If you look up at the stone on the third floor of the 1923 Abilene High School on S. 1st Street, you’ll see a stone owl carved into the building. It faces forward, wings spread wide over an open book. This symbol of wisdom and learning is now the namesake of a new educational initiative for high school students launching in 2020.
Taught by local historian and retired Abilene High School history teacher, Jay Moore, the class will cover U.S. government, civic virtues and personal finances.
“The Founders thought that, unless the American people worked to become more and more virtuous, that the whole self-government experiment would not work,” Moore said. “And in those days, teaching your children about values at home was a common thing. We don’t talk about that much anymore.”
The classes will be permanently located in the old Abilene High School once it is transformed into the Abilene Heritage Square, a new library and community center set to be completed by 2023. In the meantime, the classes will take place at the Grace Museum.
Here’s how the classes will work: local high school juniors and seniors will apply to the program beginning in January or February 2020, and 40 students will be accepted. The same class will be offered three times a year, so a total of 120 students will have the opportunity to participate. They will take a total of 18 lessons spread out over 9 weeks. Moore said aside from some outside reading, there won’t be tests or homework in the classes.
“This is more of a chance to simply discuss and talk about some of these issues,” Moore said. “I may ask them or have them write ‘What do you think about this?’”
Personal enlightenment aside, what’s the incentive for these students to spend their free time learning about civics? All participating students who complete the course will get a $3,000 scholarship from the Dian Graves Owen Foundation, which can be used for a college or vocational school of their choice. Moore said the foundation was simply motivated by a desire to educate students to be better citizens.
“There’s a dearth of understanding, not just among students, but among adults,” Moore said. “If you don’t understand how the government is set up or supposed to operate, it’s hard to read the news and make sense of it.”

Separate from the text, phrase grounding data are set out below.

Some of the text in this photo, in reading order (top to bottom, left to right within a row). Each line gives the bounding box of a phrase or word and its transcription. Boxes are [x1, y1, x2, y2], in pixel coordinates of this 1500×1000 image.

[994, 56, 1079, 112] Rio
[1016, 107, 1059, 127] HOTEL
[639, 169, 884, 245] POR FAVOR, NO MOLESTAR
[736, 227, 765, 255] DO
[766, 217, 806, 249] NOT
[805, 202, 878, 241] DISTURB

The first part of the course will also be presented to adults and will explore how the U.S. Constitution and the Declaration of Independence shape the nation’s government. In the Stone Owl Academy, students will start with those ideas and move on to learning about values for the common good (courage, contribution, humility, compassion, self-governance, civility, etc.).
Throughout his 28 years of teaching high school, Moore would often ask students “what did we not teach you in high school?” The most common answer, he said, was taxes and anything related to money. That’s why the final topic of the Stone Owl Academy will cover topics such as banking, free enterprise, taxes, insurance and managing money.
“Most students want to learn,” Moore said. “They don’t always act like it, but most students wanted to learn.”